Среди ночи, сунув ноги в женины калоши, стоявшие возле двери, набросив на плечи брезентовый дождевик с капюшоном, Тимофей Гаврилович дважды выходил на крыльцо послушать, не гудит ли трактор, посланный днем на центральную усадьбу за тесом, но тихо было, темно и глухо, только сеял-шуршал мелкий холодный дождик, прибавляя и без того грязи, и утихать, чувствовалось, не собирался.

Раньше, когда жива была деревня, проснись в самый глубокий час ночи, выйди на улицу, будь любое время года, все равно уловишь какие-то звуки: собака взлает, еще что-нибудь. У некоторых над крыльцом лампочки висели, освещая часть ограды; глянешь, — и спокойнее станет: люди кругом. Но теперь осталось от деревни три жилых двора, все в разных концах, и собак не было в тех дворах. Будто ни единой живой души окрест. Да еще дождь.

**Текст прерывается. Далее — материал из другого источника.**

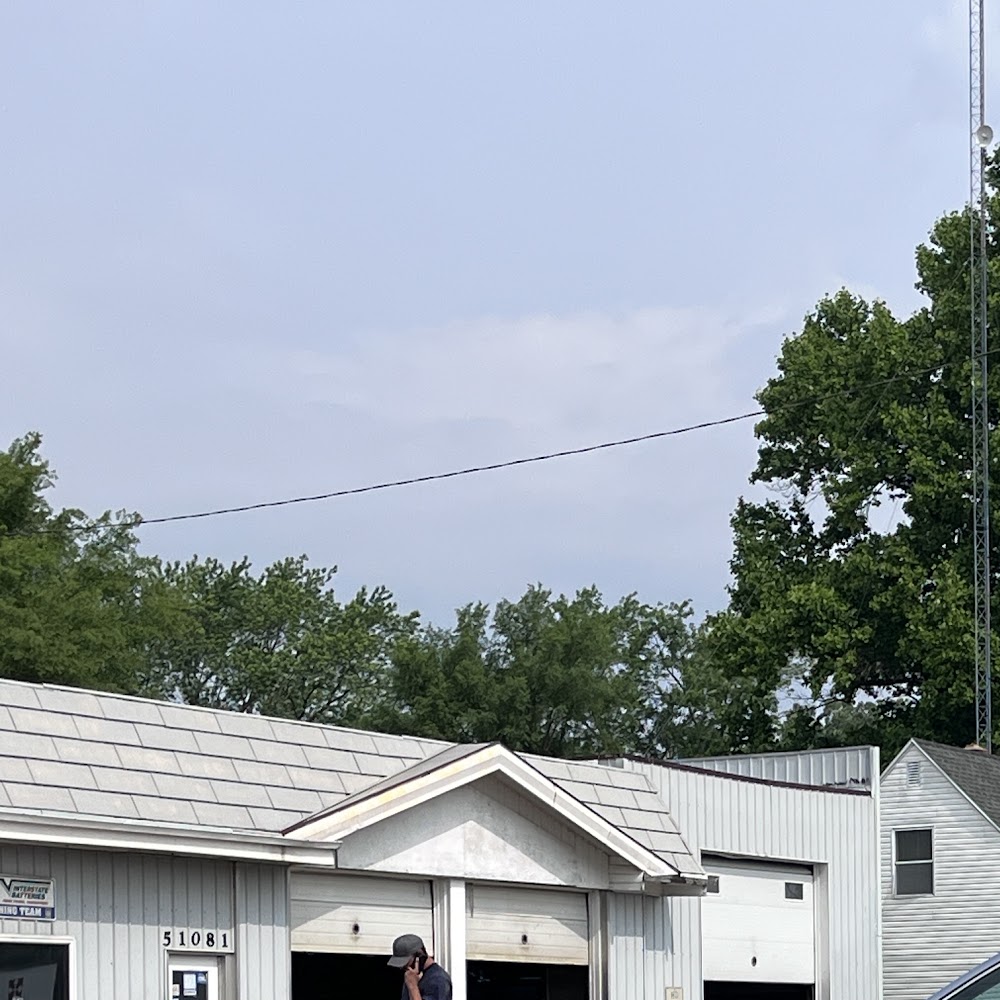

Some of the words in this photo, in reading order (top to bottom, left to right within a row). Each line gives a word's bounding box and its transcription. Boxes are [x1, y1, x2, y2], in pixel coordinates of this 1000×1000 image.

[13, 886, 48, 894] INTERSTATE
[11, 892, 45, 900] BATTERIES
[163, 931, 228, 948] 51081

Докурив, ежась от сырости, Тимофей Гаврилович вернулся в избу, снял калоши, повесил на вешалку дождевик, босой, стараясь мягче ступать по половицам, чтобы не потревожить спавшую в горнице жену, шагнул к ходикам, висевшим в простенке меж слепых от дождя окон, подался лицом к часам, всматриваясь в циферблат: только-только на пятый час поползли стрелки. Зная, что не уснуть уже ему, Тимофей Гаврилович лег опять на скрипнувшую деревянную кровать, лег на спину, подложив повыше подушку, накрылся одеялом да так и лежал в мыслях, пока не настала пора дня. Прислушался чуть, повернув голову к горничным дверям, — старуха дышала ровно, спала. Хворала она последние дни, поздно засыпала, жалуясь, и вчера уснула в двенадцатом часу. Давно уже спали они всяк себе: старуха в горнице, Тимофей Гаврилович в передней, но перед сном он непременно приходил к жене, садился на край кровати — поговорить. Поговорят, повздыхают, тогда и в постели. Или жена посидит на его кровати, если он раньше лег.

Вечером Тимофей Гаврилович до полуночи ожидал трактор, чтобы выйти, встретить, помочь при нужде. Да хоть и не нужна помощь, просто выйти навстречу, слово сказать — и то человеку будет легче после трудной дороги. Но трактора не было. Тимофей Гаврилович так и уснул в брюках и пиджаке поверх одеяла.

Тракторист Витька Сысоев, год назад вернувшийся из армии парень, на тележке, прицепленной к «Беларуси», попутно обязан был захватить с центральной усадьбы на третью ферму почту, кинобанки, хлеб и товар для магазина. Но Тимофею Гавриловичу важен был тес, еще важнее — деталь для гусеничного трактора: трактор недвижно стоял возле Витькиного двора, а должен быть занят в работе. Ни тесу, ни товару сельповскому, тем более кинобанкам, ничего не сделается в дороге; главный груз, за который особо беспокоился Тимофей Гаврилович, было стекло — ящики стекла, крайне нужного для телятника. Забуксует не раз, начнет рвать-дергать тележку, побьет стекло, стекли тогда рамы кусками, выгадывай. Поставил ли Витька ящик в тележке, плашмя ли положил? Догадался бы закрепить, чтоб не подбрасывало.